Jim Walmsley es una de las figuras que están llamadas a convertirse en estrella del ultra trail. Nacido en 1990, este corredor americano que vive en un pequeño pueblo de Arizona, Flagstaff, a más de 2.000 metros de altura sobre el nivel del mar, es uno de los corredores más osados y atrevidos a la hora de plantear competiciones. Tanto es así que es más conocido como «el chulo». Todo ello le ha hecho muy famoso, reconocido y muy querido en nuestro país, sabe lo que es ganar la carrera del Alto Sil, donde ha destrozado el récord de una prueba de 32 kilómetros y 1900 metros positivos con un crono de 2 horas y 35 minutos.

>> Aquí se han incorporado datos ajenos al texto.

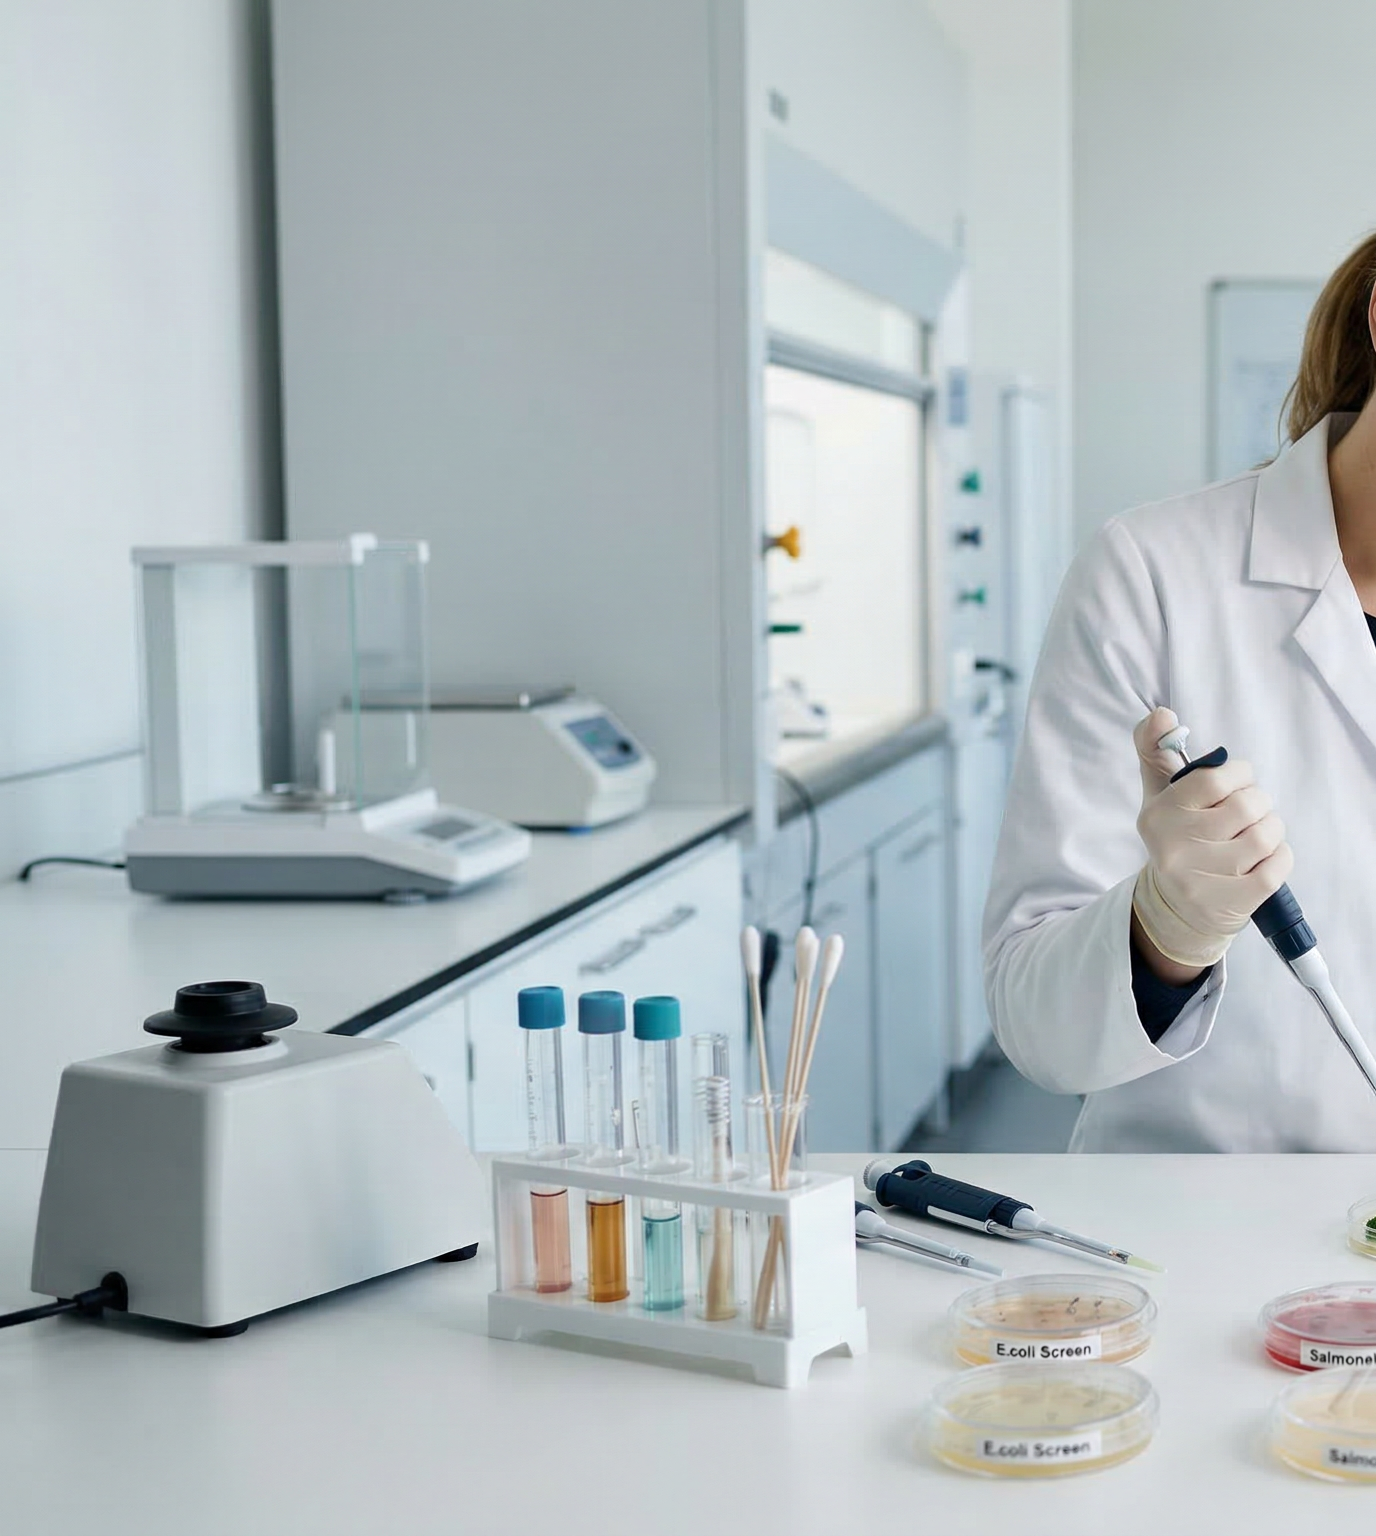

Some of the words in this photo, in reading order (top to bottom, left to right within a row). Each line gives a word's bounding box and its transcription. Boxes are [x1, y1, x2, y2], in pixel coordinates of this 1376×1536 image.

[996, 1342, 1035, 1358] E.coli
[1040, 1343, 1091, 1358] Screen
[983, 1439, 1027, 1457] E.coli
[1033, 1441, 1090, 1457] Screen
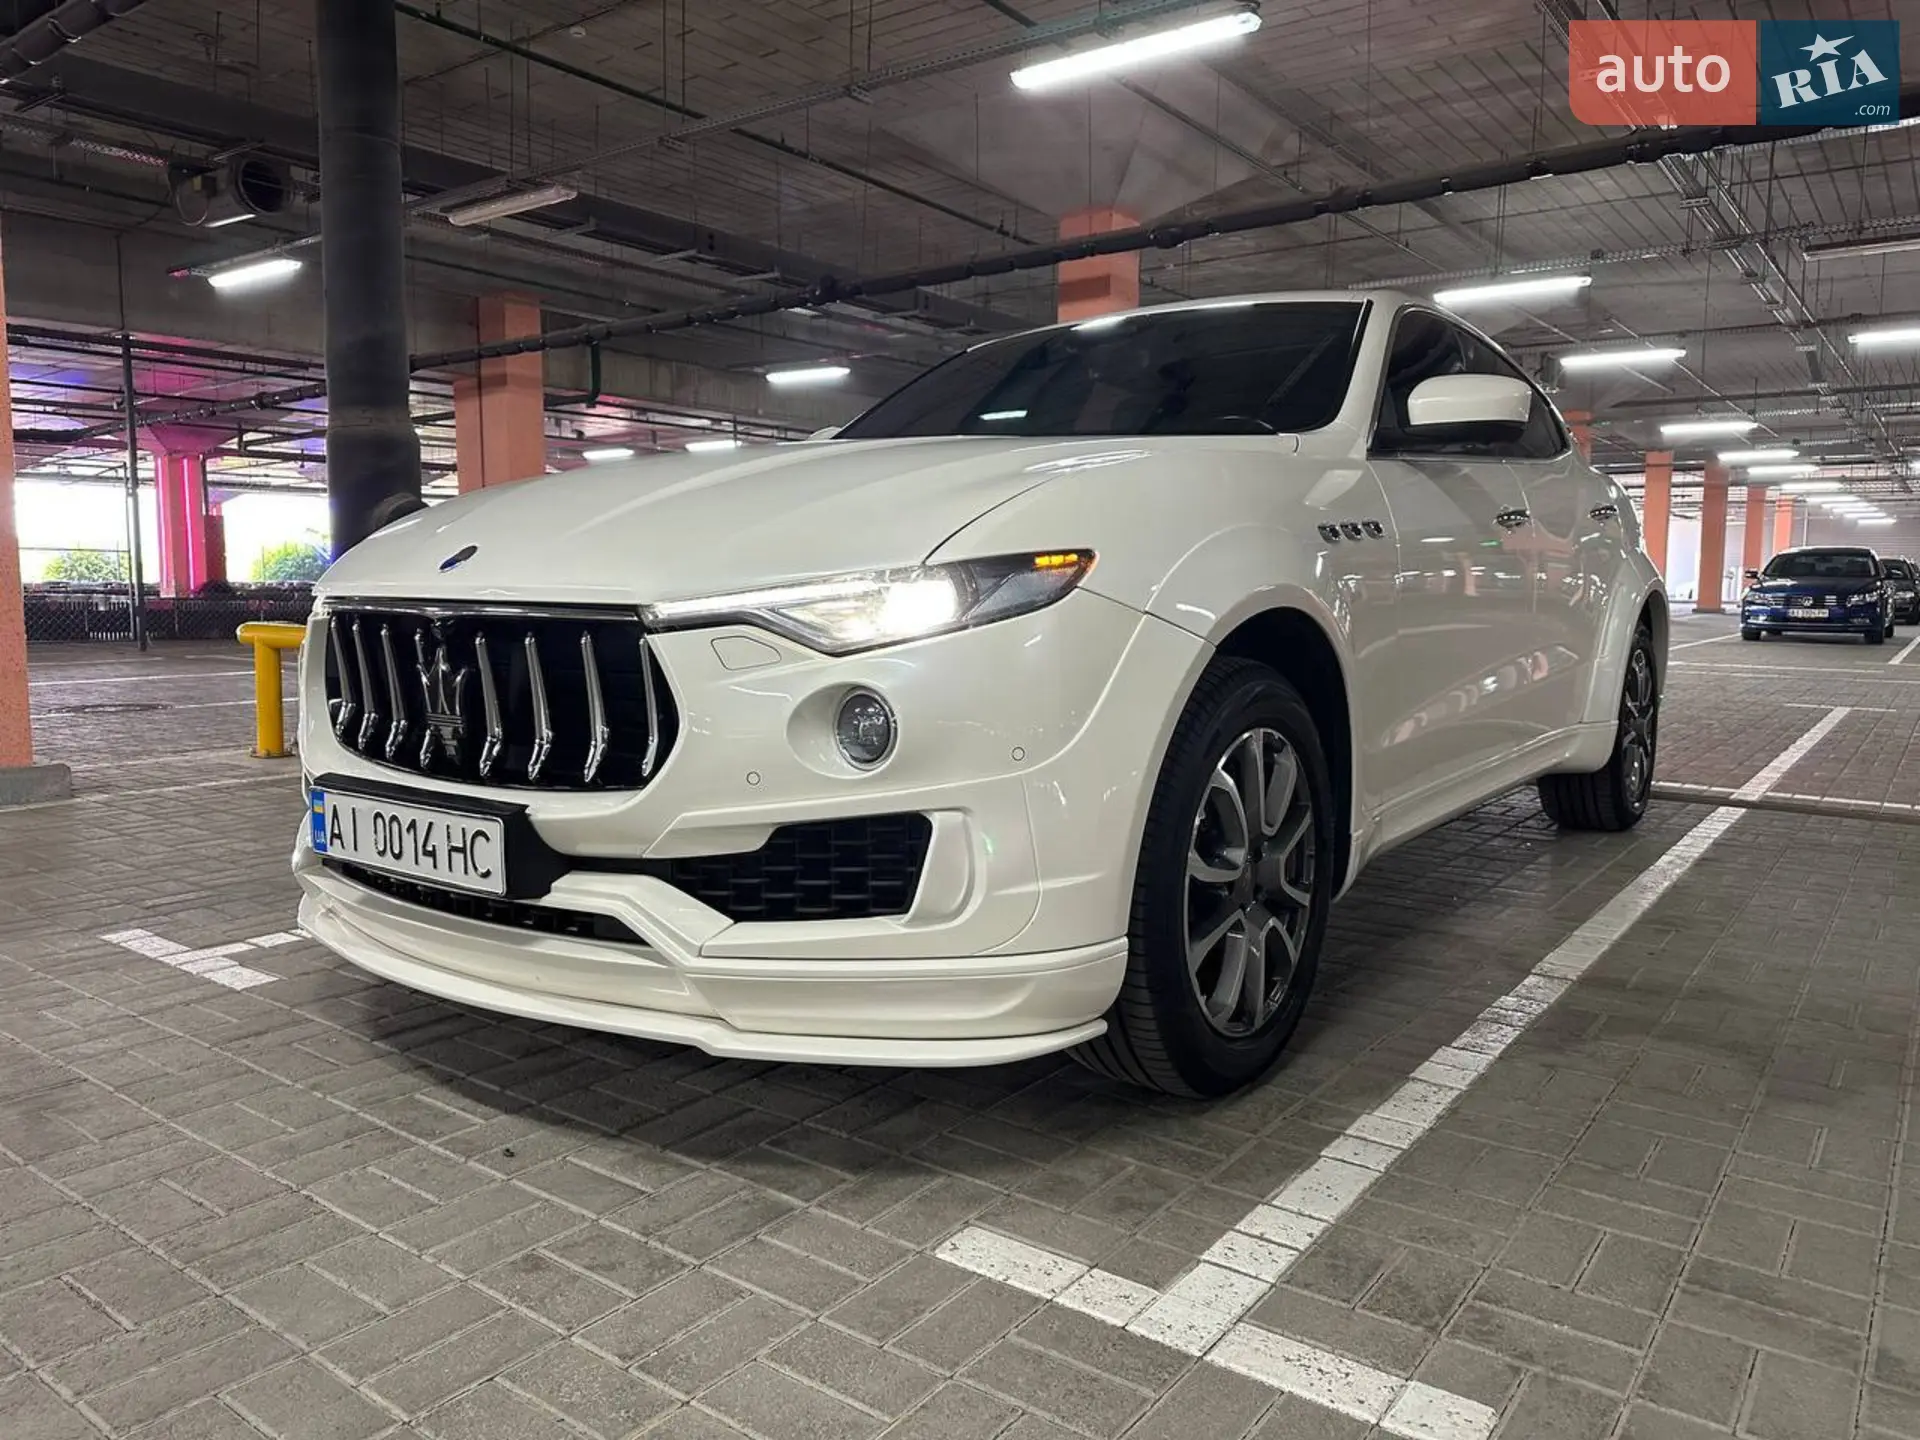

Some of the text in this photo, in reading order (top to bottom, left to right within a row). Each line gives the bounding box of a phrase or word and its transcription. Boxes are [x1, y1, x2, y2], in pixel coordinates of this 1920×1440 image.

[329, 804, 492, 879] AI 0014 HC

Pero lo que realmente le gusta a Jim Walmsley es ganar en su país, sobre todo en las míticas carreras de 100 millas donde no importa tanto la habilidad técnica de los corredores como sí lo es en Europa. Este año solo tenía una obsesión y era ganar la Western States. Tras dos intentos fallidos en 2016 y 2017, este año por fin fue su año y se impuso en una de las mayores pruebas de ultra trail en América, un sueño hecho realidad para él, que terminaba, además, con récord de la prueba.

Jim Walmsley

Foto: Myke Hermsmeyer

En el caso de Jim Walmsley estamos hablando de un atleta hecho a sí mismo sobre una pista de atletismo y muy acostumbrado a correr 10K en asfalto. Por eso, mantiene una teoría clara sobre algunos corredores de ruta que luego se pasan al trail, «les falta capacidad de sufrimiento. Los corredores profesionales que hacen mediofondo o maratones en asfalto se equivocan si creen que pueden transferir sus entrenamientos a la montaña tan fácilmente. Se necesitan muchas horas de rodajes largos en desniveles”, Y a su vez está convencido de que “los mejores corredores de montaña del mundo están por venir. Será difícil porque se necesita una mentalidad especial, algo así como el cerebro de Kilian y las habilidades atléticas de Bekele o Mo Farah”.

El pasado 20 de enero, el atleta patrocinado por Hoka One One, decidió poner a prueba su punta de velocidad para preparar el medio maratón de Houston y demostrar que el ultra trail no está reñido con la velocidad. Walmsley terminó en 1h04’00, lo que significa un ritmo de 3’02/km, con pasos intermedios de 15’16» en el 5K y 30’20» en el kilómetro 10. Una prueba más de que este loco de la montaña es capaz de conjugar capacidad de sufrimiento con largos rodajes y desniveles.